Colonial Village resident Stephen Hannock told the ZBA that while he is a fan of and a customer at "chain hotels" like the one Patel hoped to develop on the property, he was against this proposal.
"To have all these other hotels proposed and dropped on top of our neighborhood doesn't make any sense," Hannock said, referring to a special permit granted by the ZBA for a proposed hotel at 430 Main St.
"I happen to think we could use more businesses — but in the right places. I'm a fan of Radisson hotels. I stay at them when I'm traveling. … In Williamstown, Massachusetts, it's not a good move. It's not in sync with the aesthetic energy we've generated that is nationally renown."
Attorney Donald Dubendorf, who represented Patel in the application, was nonplussed when it became clear from the board's comments that a majority was coalescing around the idea of rejection.
"There's an illogic afoot that troubles me," said Dubendorf, a local attorney with a long history of representing developments in town. "A larger facility, closer by half to Colonial Village, was permitted by this board within the last six months.
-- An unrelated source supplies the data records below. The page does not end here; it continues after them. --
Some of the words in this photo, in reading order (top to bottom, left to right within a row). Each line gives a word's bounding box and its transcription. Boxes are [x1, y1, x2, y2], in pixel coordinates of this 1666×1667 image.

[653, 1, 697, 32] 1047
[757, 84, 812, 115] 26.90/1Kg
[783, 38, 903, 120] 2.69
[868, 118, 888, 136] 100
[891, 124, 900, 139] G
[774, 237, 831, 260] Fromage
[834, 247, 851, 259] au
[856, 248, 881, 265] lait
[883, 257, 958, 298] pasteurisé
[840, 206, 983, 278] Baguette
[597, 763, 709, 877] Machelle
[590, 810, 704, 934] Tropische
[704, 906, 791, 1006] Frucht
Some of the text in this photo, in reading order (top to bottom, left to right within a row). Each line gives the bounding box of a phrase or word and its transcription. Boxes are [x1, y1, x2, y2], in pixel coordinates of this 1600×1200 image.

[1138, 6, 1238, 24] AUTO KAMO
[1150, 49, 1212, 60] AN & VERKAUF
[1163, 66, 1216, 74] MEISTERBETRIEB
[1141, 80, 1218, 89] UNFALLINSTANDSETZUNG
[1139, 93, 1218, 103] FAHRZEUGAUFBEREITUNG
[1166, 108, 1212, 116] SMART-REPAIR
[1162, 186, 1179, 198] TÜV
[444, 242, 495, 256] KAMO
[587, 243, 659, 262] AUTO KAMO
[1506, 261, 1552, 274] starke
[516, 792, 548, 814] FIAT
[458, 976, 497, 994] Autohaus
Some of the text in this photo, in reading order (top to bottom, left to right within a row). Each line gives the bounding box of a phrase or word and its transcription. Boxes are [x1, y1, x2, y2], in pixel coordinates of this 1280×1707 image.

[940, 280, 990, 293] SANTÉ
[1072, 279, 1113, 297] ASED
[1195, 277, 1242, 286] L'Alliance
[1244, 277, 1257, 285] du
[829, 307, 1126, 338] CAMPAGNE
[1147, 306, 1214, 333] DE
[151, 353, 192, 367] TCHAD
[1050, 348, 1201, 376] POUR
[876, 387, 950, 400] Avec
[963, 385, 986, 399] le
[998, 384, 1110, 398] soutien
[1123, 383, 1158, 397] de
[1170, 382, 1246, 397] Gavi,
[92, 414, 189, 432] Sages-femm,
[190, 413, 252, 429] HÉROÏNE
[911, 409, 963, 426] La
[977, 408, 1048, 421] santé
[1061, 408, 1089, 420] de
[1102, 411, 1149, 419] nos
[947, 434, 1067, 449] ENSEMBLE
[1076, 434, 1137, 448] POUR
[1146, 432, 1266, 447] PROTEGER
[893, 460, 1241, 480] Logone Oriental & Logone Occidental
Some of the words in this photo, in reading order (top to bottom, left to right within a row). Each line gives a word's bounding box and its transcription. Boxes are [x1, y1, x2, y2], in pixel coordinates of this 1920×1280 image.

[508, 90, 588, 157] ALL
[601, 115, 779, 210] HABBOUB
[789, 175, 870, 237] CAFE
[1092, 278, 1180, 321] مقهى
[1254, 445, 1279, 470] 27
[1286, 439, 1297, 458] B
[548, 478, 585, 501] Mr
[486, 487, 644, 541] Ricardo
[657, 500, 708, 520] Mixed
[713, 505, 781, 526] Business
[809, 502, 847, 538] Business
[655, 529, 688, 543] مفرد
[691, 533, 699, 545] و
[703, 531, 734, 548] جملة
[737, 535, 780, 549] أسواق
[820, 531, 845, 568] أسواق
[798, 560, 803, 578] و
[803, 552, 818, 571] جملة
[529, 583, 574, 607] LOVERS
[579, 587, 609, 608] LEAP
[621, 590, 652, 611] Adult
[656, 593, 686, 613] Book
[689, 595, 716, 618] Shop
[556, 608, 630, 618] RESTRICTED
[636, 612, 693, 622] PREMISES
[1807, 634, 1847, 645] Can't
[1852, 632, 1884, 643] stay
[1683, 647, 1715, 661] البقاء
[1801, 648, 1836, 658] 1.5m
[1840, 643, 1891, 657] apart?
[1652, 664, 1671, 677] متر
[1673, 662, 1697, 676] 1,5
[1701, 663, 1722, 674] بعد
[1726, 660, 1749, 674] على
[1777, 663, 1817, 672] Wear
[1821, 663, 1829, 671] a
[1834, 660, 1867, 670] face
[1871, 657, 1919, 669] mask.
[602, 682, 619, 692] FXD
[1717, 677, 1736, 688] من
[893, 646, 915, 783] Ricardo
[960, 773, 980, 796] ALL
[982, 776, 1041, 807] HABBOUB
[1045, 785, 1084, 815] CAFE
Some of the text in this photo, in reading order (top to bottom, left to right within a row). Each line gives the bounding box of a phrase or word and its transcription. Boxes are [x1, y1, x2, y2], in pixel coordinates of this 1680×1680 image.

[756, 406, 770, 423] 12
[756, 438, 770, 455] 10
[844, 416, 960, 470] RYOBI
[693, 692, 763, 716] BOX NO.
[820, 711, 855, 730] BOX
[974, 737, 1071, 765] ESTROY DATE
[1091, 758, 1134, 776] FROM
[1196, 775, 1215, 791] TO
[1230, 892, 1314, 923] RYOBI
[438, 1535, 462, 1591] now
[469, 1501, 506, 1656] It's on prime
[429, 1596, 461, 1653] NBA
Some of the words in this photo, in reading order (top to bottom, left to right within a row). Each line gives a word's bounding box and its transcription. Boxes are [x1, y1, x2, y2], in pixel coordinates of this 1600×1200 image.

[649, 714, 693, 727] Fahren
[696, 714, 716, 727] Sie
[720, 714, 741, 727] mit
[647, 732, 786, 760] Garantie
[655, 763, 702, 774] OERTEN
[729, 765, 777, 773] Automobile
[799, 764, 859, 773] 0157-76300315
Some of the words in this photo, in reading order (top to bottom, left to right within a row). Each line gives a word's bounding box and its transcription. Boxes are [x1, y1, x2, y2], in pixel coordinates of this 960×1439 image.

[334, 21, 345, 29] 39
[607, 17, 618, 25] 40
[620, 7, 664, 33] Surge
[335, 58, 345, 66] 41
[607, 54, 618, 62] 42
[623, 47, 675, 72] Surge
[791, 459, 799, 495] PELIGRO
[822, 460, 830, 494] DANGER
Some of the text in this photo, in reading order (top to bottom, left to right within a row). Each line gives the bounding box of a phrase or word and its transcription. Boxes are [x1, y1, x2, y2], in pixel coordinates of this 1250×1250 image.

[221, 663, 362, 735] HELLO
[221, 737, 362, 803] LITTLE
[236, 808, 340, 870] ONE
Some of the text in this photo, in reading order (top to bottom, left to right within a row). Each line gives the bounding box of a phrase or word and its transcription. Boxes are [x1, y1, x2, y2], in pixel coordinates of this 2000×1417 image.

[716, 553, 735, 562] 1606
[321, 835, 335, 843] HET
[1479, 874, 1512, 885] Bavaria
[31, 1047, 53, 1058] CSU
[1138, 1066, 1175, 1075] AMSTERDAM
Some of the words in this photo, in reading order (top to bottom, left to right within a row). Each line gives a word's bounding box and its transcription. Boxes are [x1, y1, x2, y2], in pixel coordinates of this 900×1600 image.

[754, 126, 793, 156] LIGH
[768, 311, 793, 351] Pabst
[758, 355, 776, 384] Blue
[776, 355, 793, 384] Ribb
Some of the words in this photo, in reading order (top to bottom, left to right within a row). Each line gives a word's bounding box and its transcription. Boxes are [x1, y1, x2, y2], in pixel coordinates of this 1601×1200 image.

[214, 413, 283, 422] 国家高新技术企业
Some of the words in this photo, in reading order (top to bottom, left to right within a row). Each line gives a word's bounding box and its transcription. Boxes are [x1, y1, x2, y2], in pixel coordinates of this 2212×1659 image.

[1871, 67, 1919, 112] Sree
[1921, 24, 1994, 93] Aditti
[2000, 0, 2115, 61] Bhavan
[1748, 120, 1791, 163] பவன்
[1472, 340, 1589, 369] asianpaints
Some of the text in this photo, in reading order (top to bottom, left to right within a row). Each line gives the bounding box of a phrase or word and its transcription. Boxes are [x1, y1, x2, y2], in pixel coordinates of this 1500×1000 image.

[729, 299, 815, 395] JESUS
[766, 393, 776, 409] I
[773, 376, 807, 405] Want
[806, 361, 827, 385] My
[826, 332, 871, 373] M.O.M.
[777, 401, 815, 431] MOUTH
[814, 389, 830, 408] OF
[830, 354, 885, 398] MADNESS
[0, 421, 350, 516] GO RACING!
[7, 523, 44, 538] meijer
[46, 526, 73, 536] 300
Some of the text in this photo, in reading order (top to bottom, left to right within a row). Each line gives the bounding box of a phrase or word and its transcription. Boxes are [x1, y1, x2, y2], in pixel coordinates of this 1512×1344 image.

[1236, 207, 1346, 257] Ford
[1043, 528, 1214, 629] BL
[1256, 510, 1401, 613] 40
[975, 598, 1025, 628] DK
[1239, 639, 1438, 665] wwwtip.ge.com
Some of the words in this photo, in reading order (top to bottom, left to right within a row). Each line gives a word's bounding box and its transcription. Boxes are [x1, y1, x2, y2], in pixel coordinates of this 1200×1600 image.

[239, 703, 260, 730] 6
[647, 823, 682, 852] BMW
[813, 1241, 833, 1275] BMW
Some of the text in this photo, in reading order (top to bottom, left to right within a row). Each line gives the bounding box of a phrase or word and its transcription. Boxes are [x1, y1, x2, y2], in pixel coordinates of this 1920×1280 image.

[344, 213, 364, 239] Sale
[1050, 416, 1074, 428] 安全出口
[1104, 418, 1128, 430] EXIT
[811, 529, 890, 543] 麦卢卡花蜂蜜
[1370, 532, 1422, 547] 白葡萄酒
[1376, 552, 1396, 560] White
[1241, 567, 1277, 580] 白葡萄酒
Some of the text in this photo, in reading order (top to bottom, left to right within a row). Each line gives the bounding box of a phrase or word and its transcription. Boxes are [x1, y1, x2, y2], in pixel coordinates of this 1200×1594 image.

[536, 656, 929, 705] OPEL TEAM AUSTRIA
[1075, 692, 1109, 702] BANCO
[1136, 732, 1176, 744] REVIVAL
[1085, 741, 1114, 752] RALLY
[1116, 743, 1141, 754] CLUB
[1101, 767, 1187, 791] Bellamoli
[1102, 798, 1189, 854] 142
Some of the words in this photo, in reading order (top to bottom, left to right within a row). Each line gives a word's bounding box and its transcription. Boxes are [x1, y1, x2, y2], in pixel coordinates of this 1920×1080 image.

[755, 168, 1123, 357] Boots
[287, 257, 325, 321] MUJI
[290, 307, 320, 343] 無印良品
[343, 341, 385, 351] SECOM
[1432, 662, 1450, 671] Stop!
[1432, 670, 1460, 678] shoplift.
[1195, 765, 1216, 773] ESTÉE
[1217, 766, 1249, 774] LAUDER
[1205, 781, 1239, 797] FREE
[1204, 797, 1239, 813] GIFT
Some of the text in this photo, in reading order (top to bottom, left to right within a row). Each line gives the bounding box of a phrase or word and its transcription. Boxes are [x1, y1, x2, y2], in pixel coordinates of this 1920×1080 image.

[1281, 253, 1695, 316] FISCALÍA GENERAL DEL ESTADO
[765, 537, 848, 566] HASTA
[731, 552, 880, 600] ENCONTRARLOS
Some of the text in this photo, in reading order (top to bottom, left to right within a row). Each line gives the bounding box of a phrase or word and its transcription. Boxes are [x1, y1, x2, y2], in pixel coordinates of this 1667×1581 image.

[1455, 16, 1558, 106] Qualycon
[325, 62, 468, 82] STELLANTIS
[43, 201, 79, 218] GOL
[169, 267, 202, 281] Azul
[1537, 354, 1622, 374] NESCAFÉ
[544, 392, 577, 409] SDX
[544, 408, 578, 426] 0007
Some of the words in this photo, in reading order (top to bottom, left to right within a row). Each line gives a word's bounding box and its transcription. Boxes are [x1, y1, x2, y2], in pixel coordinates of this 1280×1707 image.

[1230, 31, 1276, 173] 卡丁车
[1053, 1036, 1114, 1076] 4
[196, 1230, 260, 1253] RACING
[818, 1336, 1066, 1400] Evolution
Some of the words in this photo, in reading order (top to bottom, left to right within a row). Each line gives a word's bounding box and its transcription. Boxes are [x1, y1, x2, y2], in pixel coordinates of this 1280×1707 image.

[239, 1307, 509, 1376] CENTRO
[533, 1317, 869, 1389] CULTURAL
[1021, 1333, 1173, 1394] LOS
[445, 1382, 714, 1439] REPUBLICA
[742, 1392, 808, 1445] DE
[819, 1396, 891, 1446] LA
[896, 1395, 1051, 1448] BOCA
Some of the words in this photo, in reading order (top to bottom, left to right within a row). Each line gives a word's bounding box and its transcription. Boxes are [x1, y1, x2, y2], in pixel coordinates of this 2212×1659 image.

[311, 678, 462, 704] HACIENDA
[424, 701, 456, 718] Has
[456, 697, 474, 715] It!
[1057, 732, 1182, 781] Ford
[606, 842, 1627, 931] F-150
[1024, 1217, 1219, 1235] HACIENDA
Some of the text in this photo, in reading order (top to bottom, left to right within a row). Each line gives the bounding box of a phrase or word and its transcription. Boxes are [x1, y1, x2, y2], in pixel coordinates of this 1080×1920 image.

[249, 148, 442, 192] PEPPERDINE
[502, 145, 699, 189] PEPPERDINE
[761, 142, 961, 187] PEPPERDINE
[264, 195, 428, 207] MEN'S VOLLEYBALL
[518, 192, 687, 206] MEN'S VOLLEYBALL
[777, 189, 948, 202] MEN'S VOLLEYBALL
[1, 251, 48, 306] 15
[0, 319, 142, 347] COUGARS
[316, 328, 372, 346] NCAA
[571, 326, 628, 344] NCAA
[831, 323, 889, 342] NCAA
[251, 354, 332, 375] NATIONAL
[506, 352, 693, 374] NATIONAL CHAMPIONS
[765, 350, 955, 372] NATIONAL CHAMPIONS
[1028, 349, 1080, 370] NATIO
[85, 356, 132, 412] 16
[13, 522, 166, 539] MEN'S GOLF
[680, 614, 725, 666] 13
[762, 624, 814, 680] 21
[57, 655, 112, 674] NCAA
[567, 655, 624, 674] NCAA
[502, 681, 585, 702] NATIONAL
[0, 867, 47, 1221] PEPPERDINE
This one is farther away, has had the capacity to do more to mitigate impacts and asks for less extraordinary relief than the other hotel did.
"The potential incongruity unnerves me. I don't think the ZBA is here to deny people the use of land in a manner consistent with the development standards."
After the meeting, Dubendorf declined to provide immediate comment about the decision.
Many of the neighboring residents' objections to the proposal centered on the idea that it would significantly aggravate an existing traffic problem at the Main Street location, where residents complained of having to wait "several minutes" to make a left-hand turn out of the Colonial Village development.
ZBA member Lawrence Wright mentioned the traffic issue specifically when explaining his reservations about voting to allow the proposal.
Dubendorf directed the board to the traffic study the applicant commissioned from national engineering firm Fuss & O'Neill, which found that even if both hotel proposals eventually were built, the 562 Main St. project would result in a less than 1.5 percent increase in traffic — an impact below the bylaw's development standard.
Orchard Lane resident Thomas Gais challenged both the competence and, by implication, the ethics of the engineers from Fuss & O'Neill.
"The traffic study indicates it takes, on average, 18 seconds to make a left turn from Colonial Village onto Route 2," Gais said. "I go to Albany every day to go to work. Some days, I don't even bother trying to make a left-hand turn to get gas at Cumberland Farms because it can take minutes to wait. I don't know where the '18 seconds' came from, but it seems completely nonsensical in late afternoon or in the morning.
"I know Fuss & O'Neill are paid by the proponents of the hotel. … I was wondering whether they ever do come up with an analysis that says there's an enormous impact on the town."